# Try it:
Restate word for word the line containing "this 1344×1512 image." and all remaining lines of the entries below.

# Raw data:

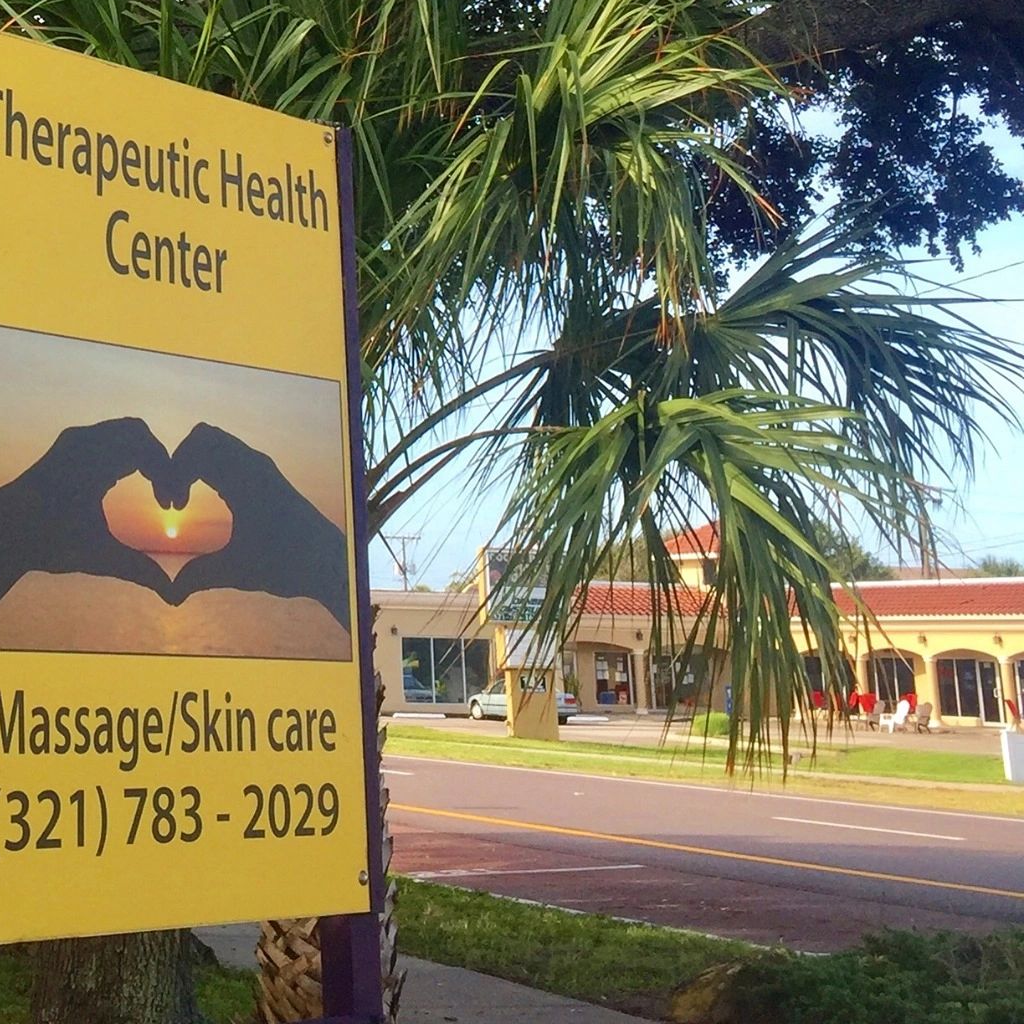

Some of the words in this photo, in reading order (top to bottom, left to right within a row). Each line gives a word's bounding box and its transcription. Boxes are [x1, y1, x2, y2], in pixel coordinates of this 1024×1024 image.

[220, 148, 330, 233] Health
[105, 209, 228, 294] Center
[267, 708, 337, 753] care
[123, 785, 203, 845] 783
[242, 782, 340, 840] 2029
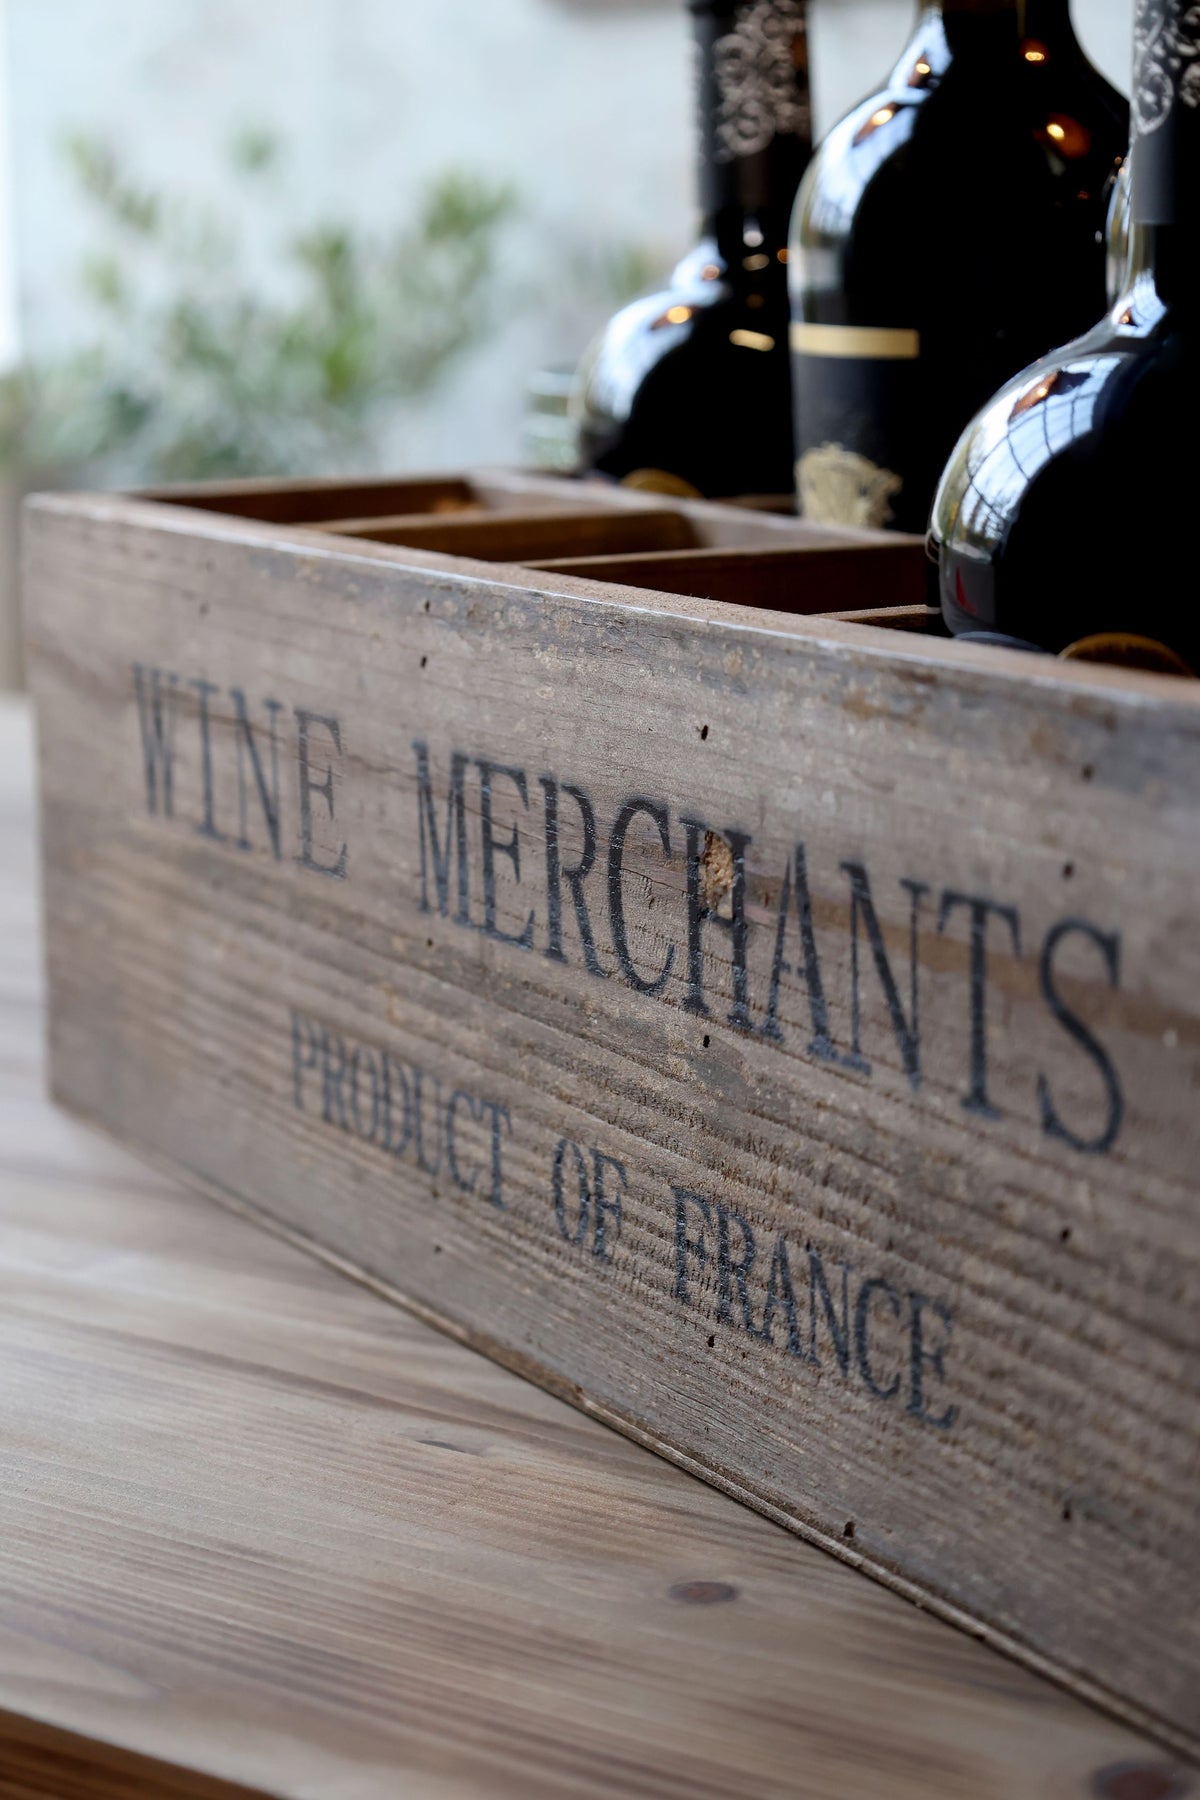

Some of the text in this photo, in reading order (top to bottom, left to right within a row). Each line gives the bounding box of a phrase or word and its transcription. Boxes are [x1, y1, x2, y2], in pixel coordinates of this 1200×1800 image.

[131, 662, 1124, 1154] WINE MERCHANTS
[289, 1007, 957, 1430] PRODUCT OF FRANCE
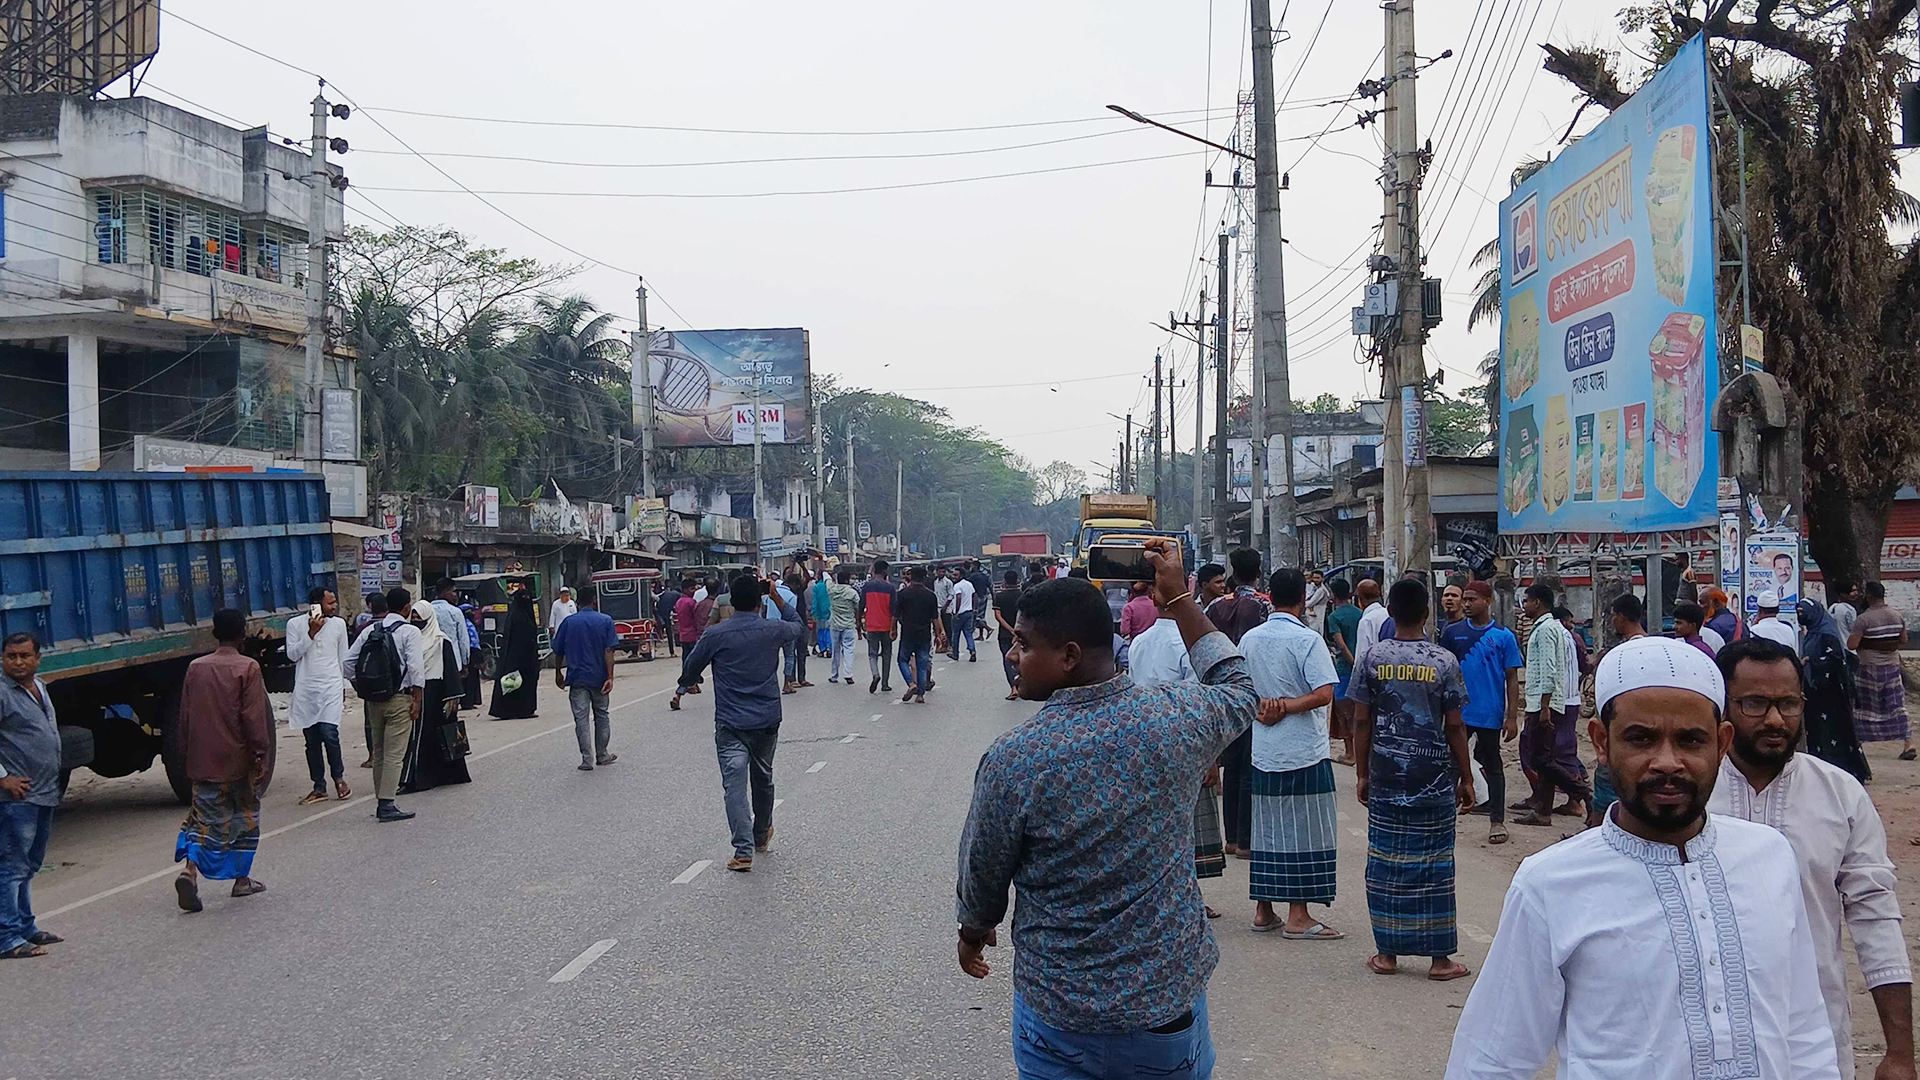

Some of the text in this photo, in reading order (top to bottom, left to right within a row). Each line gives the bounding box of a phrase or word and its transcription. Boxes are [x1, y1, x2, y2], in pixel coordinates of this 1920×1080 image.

[1377, 664, 1437, 683] DO OR DIE
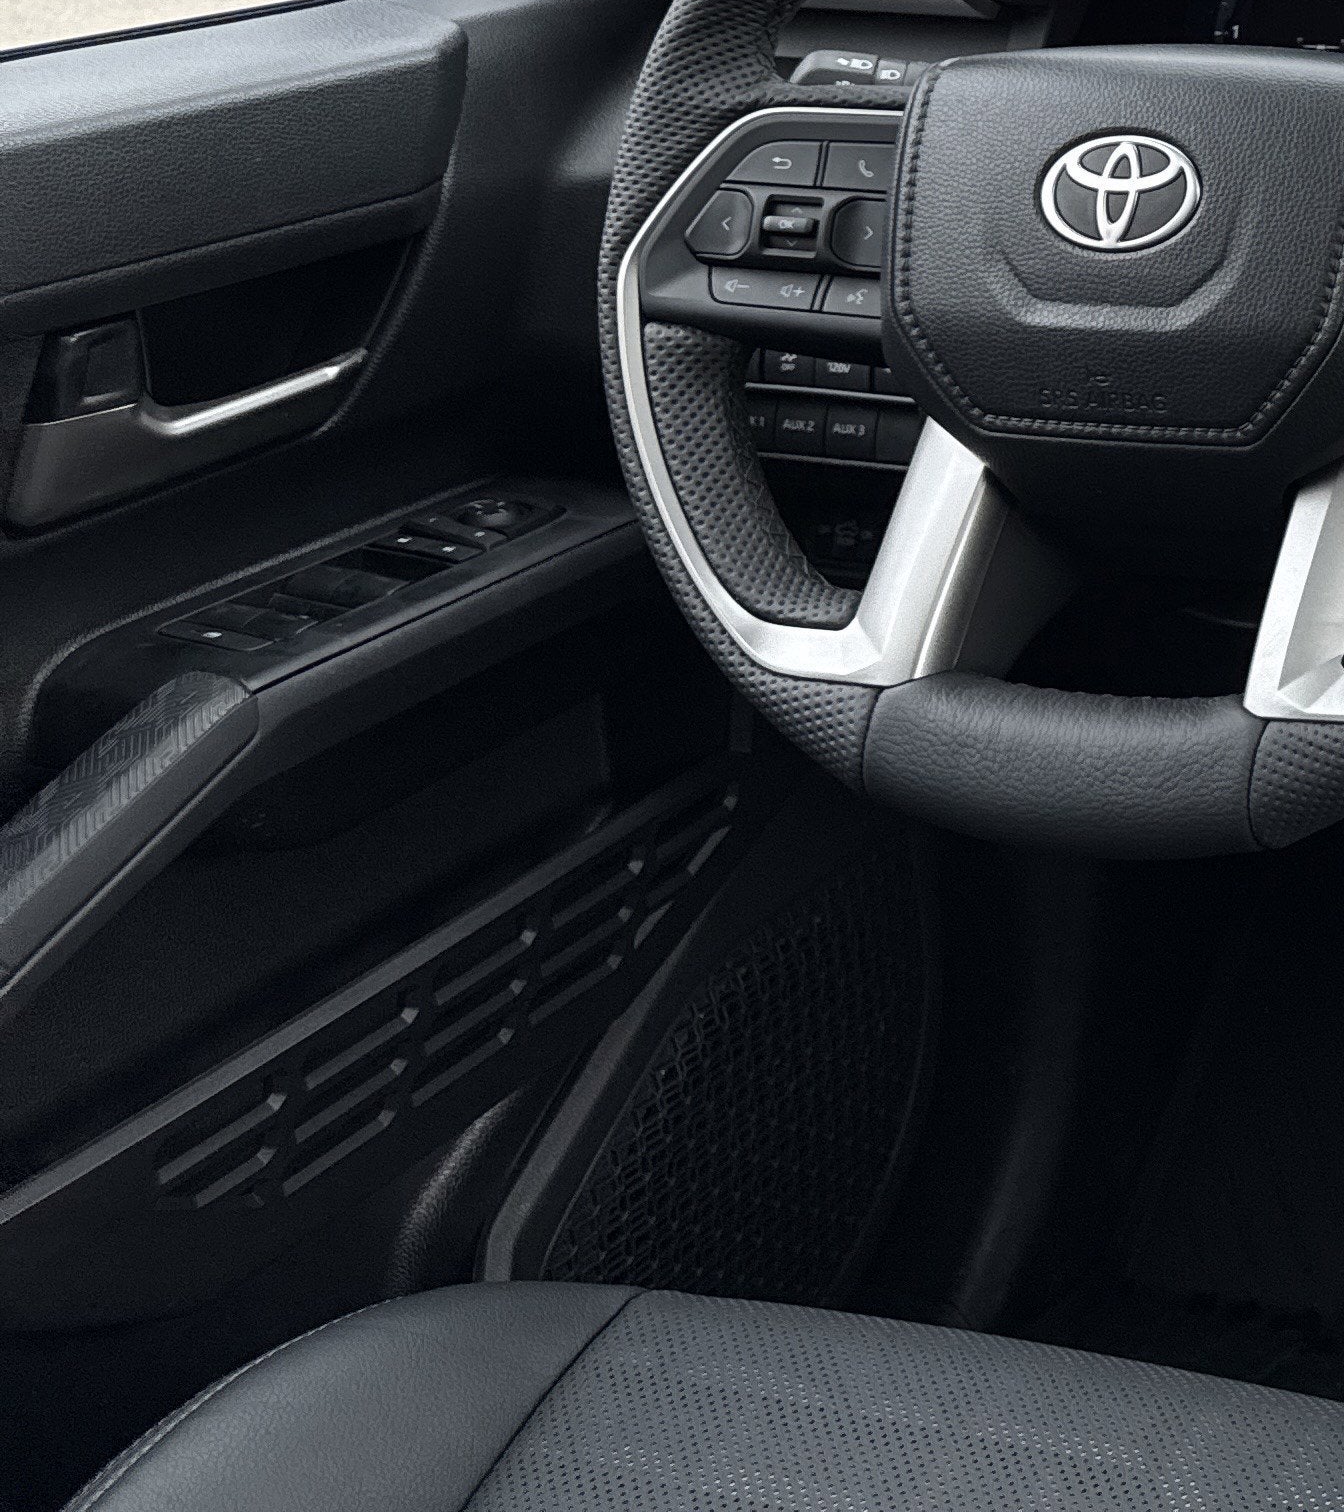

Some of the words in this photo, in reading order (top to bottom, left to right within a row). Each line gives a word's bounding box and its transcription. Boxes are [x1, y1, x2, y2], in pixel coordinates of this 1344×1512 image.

[1232, 24, 1240, 39] 1
[783, 419, 806, 431] AUX
[807, 420, 816, 432] 2
[832, 423, 856, 435] AUX
[858, 425, 867, 437] 3

# Written answer:
Some of the words in this photo, in reading order (top to bottom, left to right within a row). Each line gives a word's bounding box and its transcription. Boxes are [x1, y1, x2, y2], in pixel coordinates of this 1344×1512 image.

[1232, 24, 1240, 39] 1
[783, 419, 806, 431] AUX
[807, 420, 816, 432] 2
[832, 423, 856, 435] AUX
[858, 425, 867, 437] 3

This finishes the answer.